Monday, 31 October 2011

Death To Self While Feeling Like Death

So last night's sermon coupled with the John Stott book I've been reading served to remind me about the Jesus principle of death to self.

Now the reasons for this; explained by many and at great length far better than I, however in brief summary are... For the greater glory of God, the greater blessing of his presence and the greater blessing of more fruit/chocolate/other good things.

So this morning I put the principle of death to self to work. I woke up with a headache having not slept at all well. I then put to death the feeling like death and got up and went to work. 3 teas, 2 ibuprofen, 1 coffee, 1 orange juice, some fruit(apple and grapes), a small(ish) toblerone and an 'all day breakfast' sandwich later coupled with a smattering of prayer and I am hanging on in there. Hopefully the principle is at work while being at work.
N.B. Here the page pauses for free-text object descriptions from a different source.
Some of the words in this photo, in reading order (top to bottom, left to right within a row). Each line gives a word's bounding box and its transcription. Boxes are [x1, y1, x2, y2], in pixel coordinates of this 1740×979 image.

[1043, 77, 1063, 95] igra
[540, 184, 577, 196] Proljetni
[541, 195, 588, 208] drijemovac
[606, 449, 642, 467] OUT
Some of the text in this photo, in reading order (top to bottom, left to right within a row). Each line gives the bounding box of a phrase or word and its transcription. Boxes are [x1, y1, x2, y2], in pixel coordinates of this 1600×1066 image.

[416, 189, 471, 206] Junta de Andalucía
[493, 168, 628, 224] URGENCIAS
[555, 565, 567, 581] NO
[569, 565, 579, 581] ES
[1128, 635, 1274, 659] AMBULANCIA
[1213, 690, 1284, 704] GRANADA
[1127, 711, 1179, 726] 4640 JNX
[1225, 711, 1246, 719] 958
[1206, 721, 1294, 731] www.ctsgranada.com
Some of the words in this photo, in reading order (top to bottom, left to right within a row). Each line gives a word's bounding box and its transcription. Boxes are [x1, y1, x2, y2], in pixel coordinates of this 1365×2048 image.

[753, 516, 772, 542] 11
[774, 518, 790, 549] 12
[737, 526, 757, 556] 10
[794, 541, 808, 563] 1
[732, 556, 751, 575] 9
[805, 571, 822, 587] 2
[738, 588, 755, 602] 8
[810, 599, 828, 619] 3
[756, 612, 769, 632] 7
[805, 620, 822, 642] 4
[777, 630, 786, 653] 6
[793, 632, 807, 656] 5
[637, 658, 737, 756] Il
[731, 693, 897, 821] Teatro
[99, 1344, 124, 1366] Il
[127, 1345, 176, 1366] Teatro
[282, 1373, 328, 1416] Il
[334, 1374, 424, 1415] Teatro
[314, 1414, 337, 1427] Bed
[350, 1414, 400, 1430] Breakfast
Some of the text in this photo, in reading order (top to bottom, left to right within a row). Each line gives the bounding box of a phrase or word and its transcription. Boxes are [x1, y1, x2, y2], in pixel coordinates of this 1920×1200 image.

I must confess I am hoping for some presents and fruit later. In the meantime I've got data everywhere.

In other good news, despite a very bad week for the diet I have not gained any weight. I am still 13 and 2 lil bits.

Friday, 28 October 2011

Oh go on then let's be mildly controversial

Was pondering a few things written on a friend's blog and thought I'd be mildly controversial.

Christians love to bash Westboro and it got me thinking that perhaps we shouldn't be quite so condemnatory and perhaps we should show them some love and forgiveness and perhaps some kindness... Now that would be interesting.

Thursday, 27 October 2011

What Do You Do When...

...people use their free will to do 'bad' things?

Tuesday, 25 October 2011

Patience...

...is perhaps one of the hardest thing in our 'instantaneous' fastfood society. Yet it would appear to be a trait that is necessary to having peace and living a fulfilled life.

Consider it pure joy, my brothers and sisters, whenever you face trials of many kinds, because you know that the testing of your faith produces perseverance. Let perseverance finish its work so that you may be mature and complete, not lacking anything.
James 1:2-4 NIV

How often do I want an instant answer, an instant reward, an easy fix.

It is obvious from nature that things take time to grow and mature AND yet we ignore this and demand now now now.

I sometimes wonder in our busyness and demanding and incessant noise how much we are missing the stillness and peace of Christ.

And in that comes a strengthening of our faith.

Tuesday, 11 October 2011

Diet success/fail...

So re-did the whole weighing thing on the original scales - 13 stone 2. Which means I've lost 2. Diet success!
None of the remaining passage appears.